Heart Warrior

“The LORD is good, a stronghold in the day of trouble; he knows those who take refuge in him.”

Nahum 1:7

Heart Warriors

 

They are born fighters because from the moment they enter this world, they are thrown into the heart of the storm.  Their first breath filling their lungs and asking their hearts to do something they might not be capable of.  Asking their body to fight to survive at only seconds old. 

They don’t know any different.  They don’t know what it is like to not have to fight to live. 

 

They fight for each retracted breath.

They fight for each raspy cry.

They fight for every ounce they consume.

They fight for each milestone achieved.

They fight through withdrawal.

They fight through pain. So much pain.

They fight through medication weans.

They fight through therapies.

They fight through surgeries where their hearts are stopped.

They fight for each day, hour and minute they are here with us.

 

They fight.  Harder than anyone you will ever meet.  As parents of our own little fighter….our own heart warrior…she has been teaching us so much more than we will teach her in this fight for her life. But she isn’t in this fight alone.  God is right there with her, keeping her heart beating, filling her lungs with his breath, giving her the strength and stamina to keep going.  Though she may be in the heart of this storm…she’s in the shelter of her Savior.

Last week Friday, we met with Veya’s team of doctors to discuss the next steps in her care…what their small and long-term goals look like from here on out. 

They told us that they have been pleased with how Veya has been responding to their supportive measures from the last two weeks and the plan now is to slowly begin weaning her

from some of them. (Let me emphasize – VERY SLOWLY wean because this silly little girl is not one for surprises and likes to do things at her own pace, if she notices any sort of change, she will yell it from the roof tops)

The first thing they would like to begin weaning is her nitric oxide which helps with her pulmonary hypertension.  As I’m writing this, they have already started and hope to have her off it by tomorrow.  They have also started with a new medication called sildenafil which will continue to help her with the hypertension and can be used over a longer period of time verses the nitric oxide. 

They have also begun cutting back on her sedation medication called hydromorphe.  This may take some time to get her completely off of it because they use it to help keep her from being irritable. They need her to remain calm so she doesn’t damage her heart further.  She’s also on this sedative because she would be uncomfortable with feeling her PIC line, breathing tube, and pd catheter for her dialysis.

They will continue to run dialysis for her this week and will consider scaling back on it at the beginning of next week to see what her kidneys are able to do on their own. 

The team reassured us that if she has to stay on dialysis permanently, she will still be able to undergo her open heart surgery.  We were very thankful to hear this. 

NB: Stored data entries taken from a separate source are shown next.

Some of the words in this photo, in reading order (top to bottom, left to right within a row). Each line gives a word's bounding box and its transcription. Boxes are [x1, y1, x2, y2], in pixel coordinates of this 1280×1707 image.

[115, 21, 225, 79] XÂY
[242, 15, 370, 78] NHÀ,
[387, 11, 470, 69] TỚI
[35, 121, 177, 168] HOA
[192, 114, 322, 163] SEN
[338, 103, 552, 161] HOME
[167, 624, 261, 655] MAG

We learned a little bit more about her pulmonary hypertension from her cardiologist.  Veya has some primary hypertension due to what they suspect to be fetal physiology causes and her lungs.  She also has secondary hypertension which is due to her heart defect.  The team is looking for the primary hypertension to go down and the secondary to go up.  They are optimistic that the primary will decrease and hope to see that happen over the next three to four weeks.  However there is a possibility for chronic hypertension.  If she has a lung problem, like lung disease….she will not be able to have heart surgery at all.  They are watching very closely and will have a very different conversation with us should it be discovered that she has chronic pulmonary hypertension.  We ask for prayers over Veya’s pulmonary hypertension. Please pray with us that the primary resolves and that it does not turn into chronic hypertension so that she may be healthy and strong enough to have her heart repaired if it is the Lord’s will.

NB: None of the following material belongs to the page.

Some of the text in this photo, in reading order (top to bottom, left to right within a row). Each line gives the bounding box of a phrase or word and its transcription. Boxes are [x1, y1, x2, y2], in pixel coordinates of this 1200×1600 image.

We also talked about her heart having troubles with pumping.  The genetic tests have not yet come back from Europe, however the cardiology team now feel like the pumping issue is more so related to her pulmonary hypertension and her poor kidney function.  They feel that if and once the hypertension can resolve….so will the pumping of the heart.  They are not expecting for the genetics test to come back with any answers for them.  They noticed an improvement in the pumping as well once dialysis was started because it removed all fluid retention Veya was having, thus causing stress on her heart.

In four weeks time, cardiology will look at all of this again and consult with Sick Kids about surgery and timing.  Timing is everything.  They need her to be strong enough, healthy enough and big enough to handle the surgery.  Especially because of the one valve repair they need to do which requires them to split it in half and make her two working valves.  Right now she is too young and that valve is very narrow and thin.  If they were to fix the valve early, a second repair will be needed again in six months time. 

Though Veya continues living out the toughest part of her life, fighting constant battles; she never loses her smile and is always touching the hearts of others, especially those that are caring for her.  They just adore her! God has a greater purpose in her life than just healing her & moving on – we know everything she’s going through is leading her to where she is meant to be. Praise be to God!